Probably not. She's like a machine, all brilliant edges and devious twists. Slicker than a greased snake, Grandpère would say. And twice as sharp as its teeth. I can't really think of her as a rival, even. We're all, as she told me back on Earth, grown-ups here.
I get through the shakes and the chills wrapped around Gabe's pillow. I'd have to go back to my room for the itty-bitty yellow pills. So harmless. So friendly looking. I've got the self-control to stop myself before I get out the door. If I were alone in my quarters, it might be different.
Gabe's eyes go wide when he opens the door. “Jenny. How'd you get in here?” And then he sees my bloodless face, the way my metal hand strains the fabric on his blanket. He crosses without another stupid, pointless word and pulls me into an embrace.

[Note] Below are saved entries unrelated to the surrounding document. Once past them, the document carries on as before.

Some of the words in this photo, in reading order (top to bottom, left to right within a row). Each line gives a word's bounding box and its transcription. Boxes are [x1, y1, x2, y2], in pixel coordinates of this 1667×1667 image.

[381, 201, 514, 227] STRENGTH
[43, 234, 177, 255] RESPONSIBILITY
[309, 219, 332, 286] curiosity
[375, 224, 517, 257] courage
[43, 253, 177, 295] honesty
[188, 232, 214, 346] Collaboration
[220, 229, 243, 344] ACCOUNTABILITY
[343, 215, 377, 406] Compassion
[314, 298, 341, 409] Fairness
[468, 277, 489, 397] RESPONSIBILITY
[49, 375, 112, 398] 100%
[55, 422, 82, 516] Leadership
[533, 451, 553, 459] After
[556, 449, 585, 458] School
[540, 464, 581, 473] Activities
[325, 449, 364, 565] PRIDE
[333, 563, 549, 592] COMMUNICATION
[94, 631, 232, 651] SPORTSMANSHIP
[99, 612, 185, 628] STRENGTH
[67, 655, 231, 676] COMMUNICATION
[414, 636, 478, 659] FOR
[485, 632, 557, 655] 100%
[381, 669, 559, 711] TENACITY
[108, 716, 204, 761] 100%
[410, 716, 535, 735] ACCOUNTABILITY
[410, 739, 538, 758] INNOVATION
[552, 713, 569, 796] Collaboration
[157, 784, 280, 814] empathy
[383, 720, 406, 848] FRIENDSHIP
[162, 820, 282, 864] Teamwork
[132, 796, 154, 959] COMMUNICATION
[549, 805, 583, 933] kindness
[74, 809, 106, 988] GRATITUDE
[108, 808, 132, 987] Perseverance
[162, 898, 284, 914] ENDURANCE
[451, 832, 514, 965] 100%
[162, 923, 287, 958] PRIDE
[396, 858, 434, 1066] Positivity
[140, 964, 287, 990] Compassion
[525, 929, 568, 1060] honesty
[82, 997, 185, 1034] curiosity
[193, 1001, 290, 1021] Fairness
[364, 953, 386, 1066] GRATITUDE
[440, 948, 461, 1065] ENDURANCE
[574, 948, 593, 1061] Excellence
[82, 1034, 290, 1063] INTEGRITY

“You set the lock up for me.”
“Of course I did,” he lies, so I know—Richard. And the listening devices, I hope, don't.
“Hammer?”
“Obvious?”
“We did this once,” he reminds me. And we did. It should have been harder, then. I had more pain. A full-blown addiction. A carcass that felt stuffed full of broken glass. He wraps my shoulders in his big gentle arms and I read muscle under a comfortable layer of fluff. A bear, I used to call him, and he gets more bearlike with every year gone by.

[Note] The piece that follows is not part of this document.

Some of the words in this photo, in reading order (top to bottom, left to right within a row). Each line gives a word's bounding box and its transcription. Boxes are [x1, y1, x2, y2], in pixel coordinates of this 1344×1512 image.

I was a hell of a lot younger the last time.
“Mon ange,” I say into his neck. “It hurts.”
“We're going home in a couple of days,” he answers. “Hang on, Jenny. Hang on.”
He doesn't say what I know: that even on Earth, there will be the drugs, the tests, the training. And it's kids like Leah and Patricia Valens I'm going to be — I hope — teaching things that will get them out of this meat-grinder alive.